From the \textit{forward propagation} we can observe that the messages propagated are dependent on factor initialization and posterior probability of the start vertex. Similar observation can be made for \textit{backward propagation} too since both process follow same steps. Therefore, we can conclude that the messages are only updated due to factor initialization and posterior probabilities. Since factor initialization is fixed and does not change with timestamp, the messages are updated only due to the change in posterior probabilities. From Eq. (\ref{eq3}), the marginal probability of each vertex is dependent on its posterior probability and messages from neighbors.
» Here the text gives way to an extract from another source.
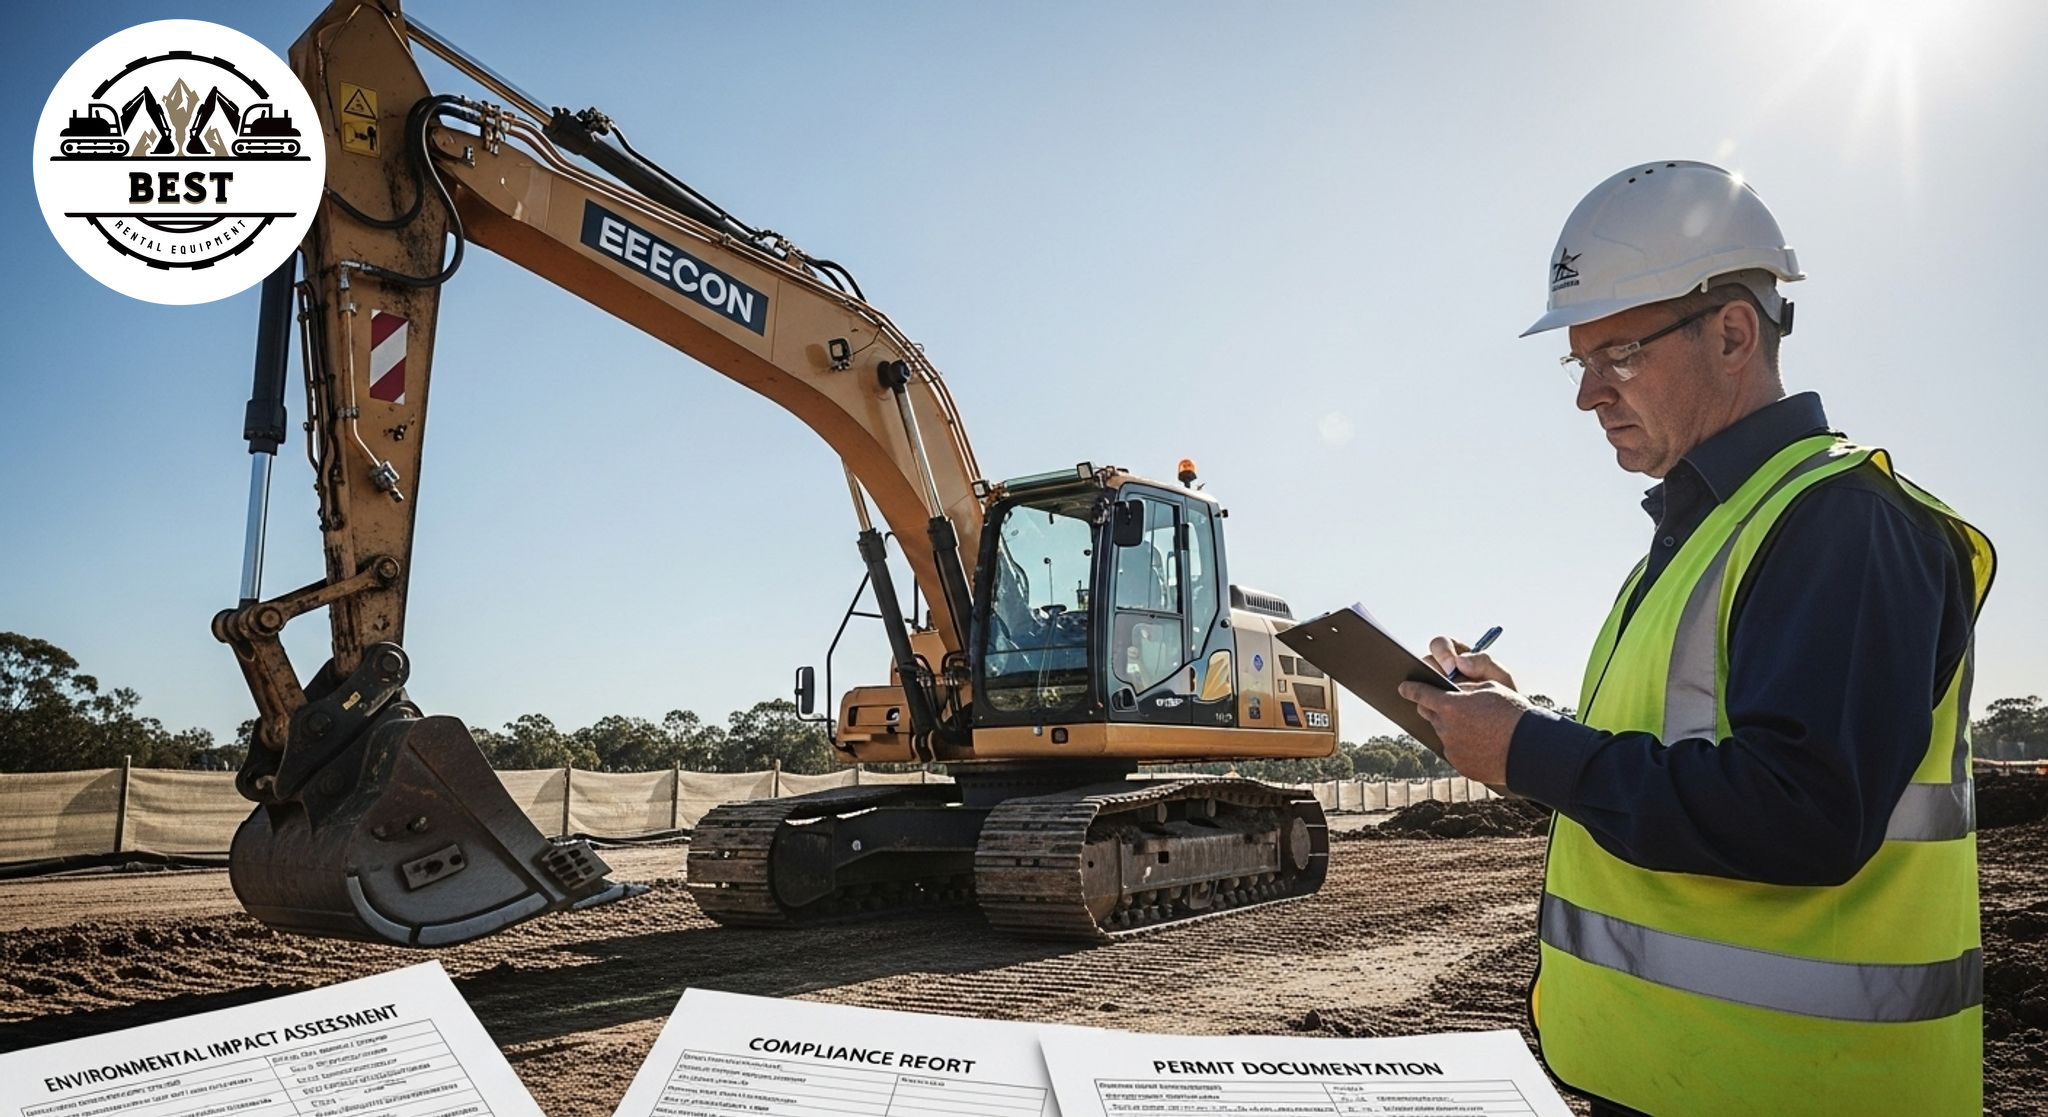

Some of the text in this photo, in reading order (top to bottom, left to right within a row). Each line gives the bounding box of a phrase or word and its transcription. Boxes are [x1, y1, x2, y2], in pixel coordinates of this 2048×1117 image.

Since messages are updated only due to the change in the posterior probabilities, we can conclude that the marginal probability of each vertex is updated only due to its posterior probability and posterior probabilities of leaf vertices in the graph.

Considering any factor graph $FG$, when a vertex $v_t$ is chosen, the messages are propagated from leaf vertices to the vertex $v_t$ and from vertex $v_t$ back to the leaf vertices. Each leaf vertex and $v_t$ pair is essentially a path graph. Therefore, our conclusion that the marginal probability of each vertex is updated only due to its posterior probability and posterior probabilities of leaf vertices in the graph is valid for any factor graph $FG$.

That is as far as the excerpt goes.